Our new closed form structure compares favorably to two other structures that were previously reported for the same dataset (Fig. 2B). The structure of Dekker et al. accompanied the initial release of the crystallographic data and was based on an incorrect subunit arrangement (PW). It is therefore not surprising that its Rfree value is 6 percentage points higher than ours and that its fit to the density is inferior (Fig. 2C). Application of DEN refinement to this structure decreased its Rfree value but not substantially. More recently, Leitner et al. reported a structure that was based on the correct subunit arrangement (OMS) and has Rfree value that is 2 percentage points higher than ours. This difference in Rfree value is likely not caused by the different core backbones, which superimpose to 0.9Å RMSD. Rather, the structures differ considerably in the trace of the chain termini and internal loops and in the rotamers of some side-chains. We note that Leitner et al. based their structure on a particle arrangement that was derived from cross-linking data, and did not systematically explore the fit of other possible arrangements or orientations to the data. We also note that their interpretation for the open form dataset is wrong, incorrectly identifying the one protruding subunit as CCT7-H instead of CCT1-A.

The weak CCT6-Z/CCT8-Q interface

The interfaces between the eight subunits in the ring are significantly different in spite of their high sequence similarity. In the closed form, the 6-Z/8-Q interface stands out as a particularly weak interface (Table 2 ; Fig. 3A), with a total buried surface area that is only 63% of the average for a ring interface (2595 Å2). Moreover, this weakness is apparent throughout the entire interface and is not limited to specific domains of the subunits. Interestingly, the second-weakest interface (8-Q/7-H) and strongest interface (3-G/6-Z) are flanking 6-Z/8-Q on both sides. We note, however, that their deviations from the average values are not nearly as drastic as that of 6- Z/8-Q, and thus might not have functional relevance.

Table 2.

Contact areas at the subunit interfaces within a ring

Sum of Voronoi Face Area (Å2)
Subunit Pair
Left Right AG GZ ZQ QH HE EB BD DA
Equatorial Equatorial 844 899 460 770 572 717 761 710
Middle Equatorial 642 642 369 504 358 571 608 392
Apical Apical 1065 1252 796 911 1242 1139 1192 985
Other 303 283 47 220 620 271 189 472
Total 2854 3076 1627 2405 2792 2698 2750 2559
Open in a new tab

Surface area values are calculated from a Voronoi decomposition using the program by Gerstein and Chothia (1996). Left and right domains refer to the subunits as written in the letter pairs. The residue ranges of the domains are listed in Supplementary Table 1. Low values are shaded pink and high values are shaded green.

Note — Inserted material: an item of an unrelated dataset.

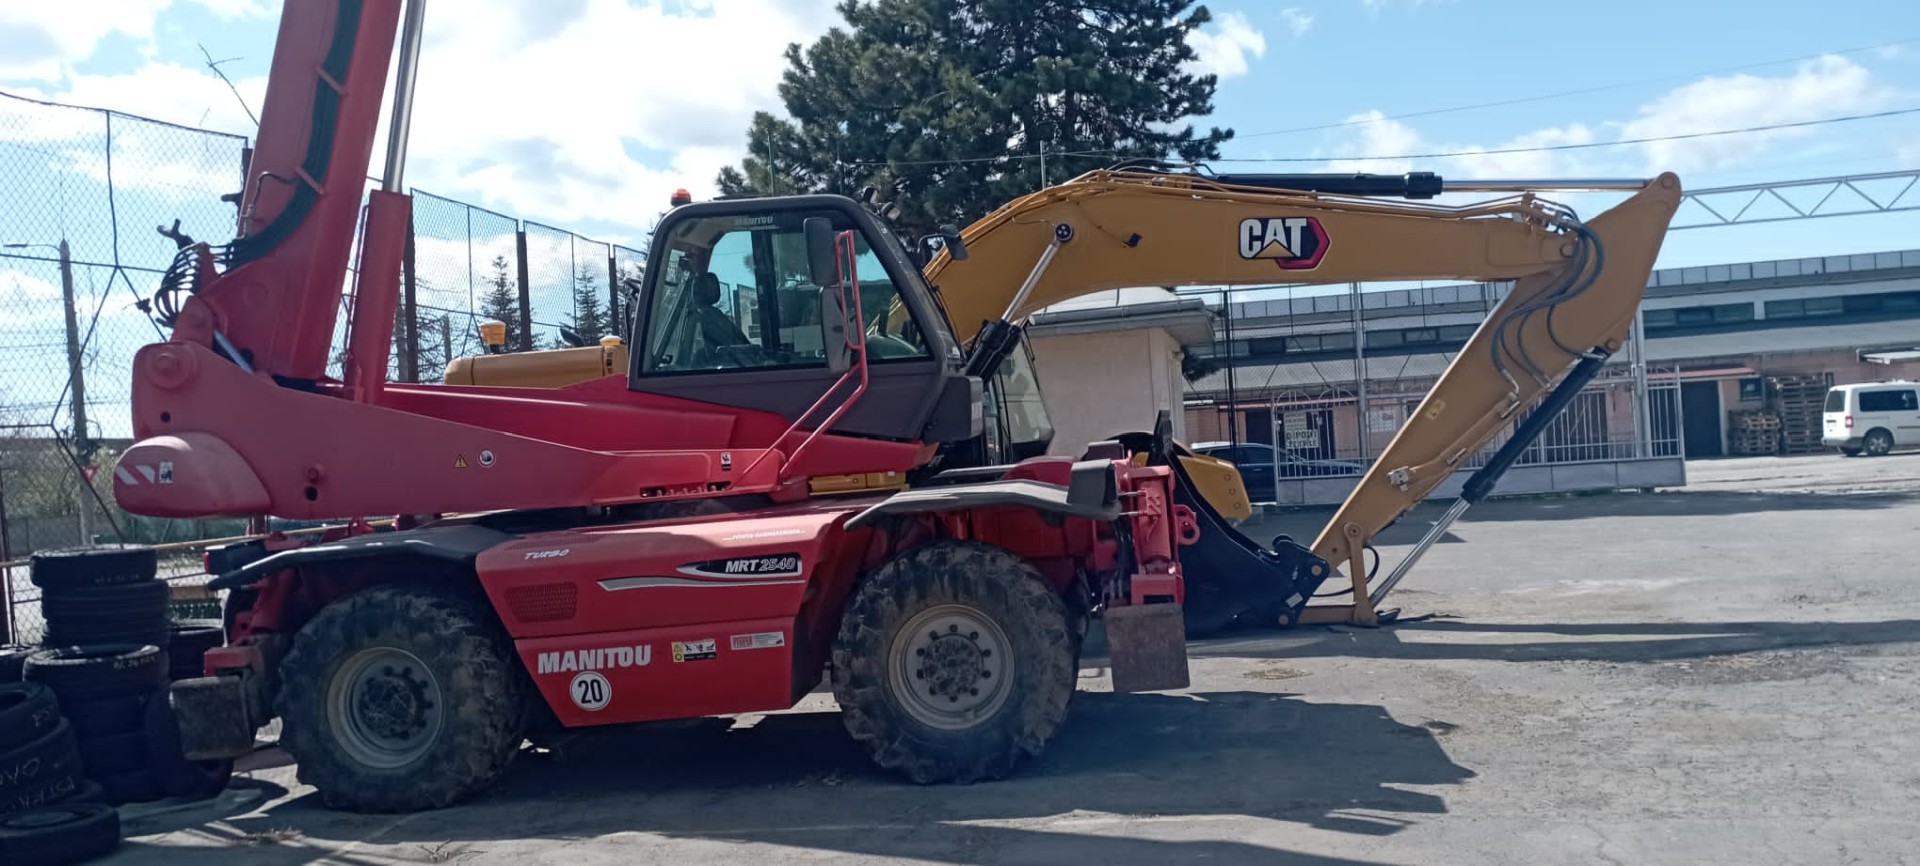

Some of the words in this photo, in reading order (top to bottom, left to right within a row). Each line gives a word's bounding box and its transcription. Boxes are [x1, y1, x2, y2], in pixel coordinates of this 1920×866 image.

Figure 3. The weak CCT6-Z/CCT8-Q interface in the closed form.

Figure 3

Open in a new tab

(A) A 'crack' that occurs between these two subunits is not observed elsewhere. Only the top ring is shown. CCT6 is brown, CCT8 is grey.

(B) Top view of the closed form overlaid with a perfect 8-fold iris shows deformation of the Z capping helix. The region around Arg259 of CCT6-Z is marked.

(C) Arg259 is buried in the hydrophobic core of the cap with the guanidinium end group of the side chain exposed on the inner side of the particle. This exerts strain on the Arg259 position that is consistent with the helical deformation. In CCT6 this position is completely conserved across all eukaryotes. The corresponding positions in other subunits are always hydrophobic. The electron density map is averaged over the four rings in the asymmetric unit and contoured at 3σ. See also Fig. S3.

Between their apical domains, the 6-Z and 8-Q subunits are pushed apart because of the strain exerted by the strong kink in the helix of the 6-Z subunit that caps the folding chamber (Fig. 3B). An analysis of the evolutionary conservation at the interface (Fig. S3) implicates residue Arg259 at the tip of that helix as a probable cause of the kink. This arginine is fully conserved in the CCT6-Z subunits of all eukaryotes, but its paralogous positions in the other seven subunits are always hydrophobic and part of the hydrophobic core of the cap. The burial of the arginine sidechain in the hydrophobic core displaces the tip of the 6-Z capping helix in a direction consistent with the kink. In contrast to that example, at other positions along the 6-Z/8-Q interface the structural weakness is coupled to loss of evolutionary conservation. For example, between the equatorial domains we find Leu43 in CCT6-Z and Ser540 in CCT8-Q, which are not conserved. Yet, the paralogous positions at the other seven interfaces are highly conserved. Overall, these data strongly suggest that the weak 6-Z/8-Q interface is not a crystallographic artifact, but an intrinsic property of the closed form with functional importance. The most plausible functional explanation is that the mechanical opening of the ring starts at this interface during the transition to the open form.

The chain termini

The subunits of CCT have long N- and C-termini that are in most cases 10–20 residues long. All termini protrude from the lower part of the equatorial domains into the inner side of the particle where they were long conjectured to form a flexible 'septum' that separates the inner cavities of the two rings. We observed strong residual electron density at the midsection of the closed form that certainly supports the existence of a septum. A structural analysis of the termini in the closed form yielded similar conclusions to those reported by Dekker et al. (2011). We find that the C-termini are disordered, but the N-termini could be traced for an additional 5–10 residues outside the equatorial domain (about half their total lengths). The N-termini of all the subunits are traced inside the particle with the exception of CCT4-D whose N-terminus is instead traced to the outside of the particle through an opening between the rings. The N-termini inside the particle mainly interact with the previous subunit in the ring and in some cases with the abutting subunit on the other ring. We could not observe any common structural motif in the interactions of the N-termini with the other subunits.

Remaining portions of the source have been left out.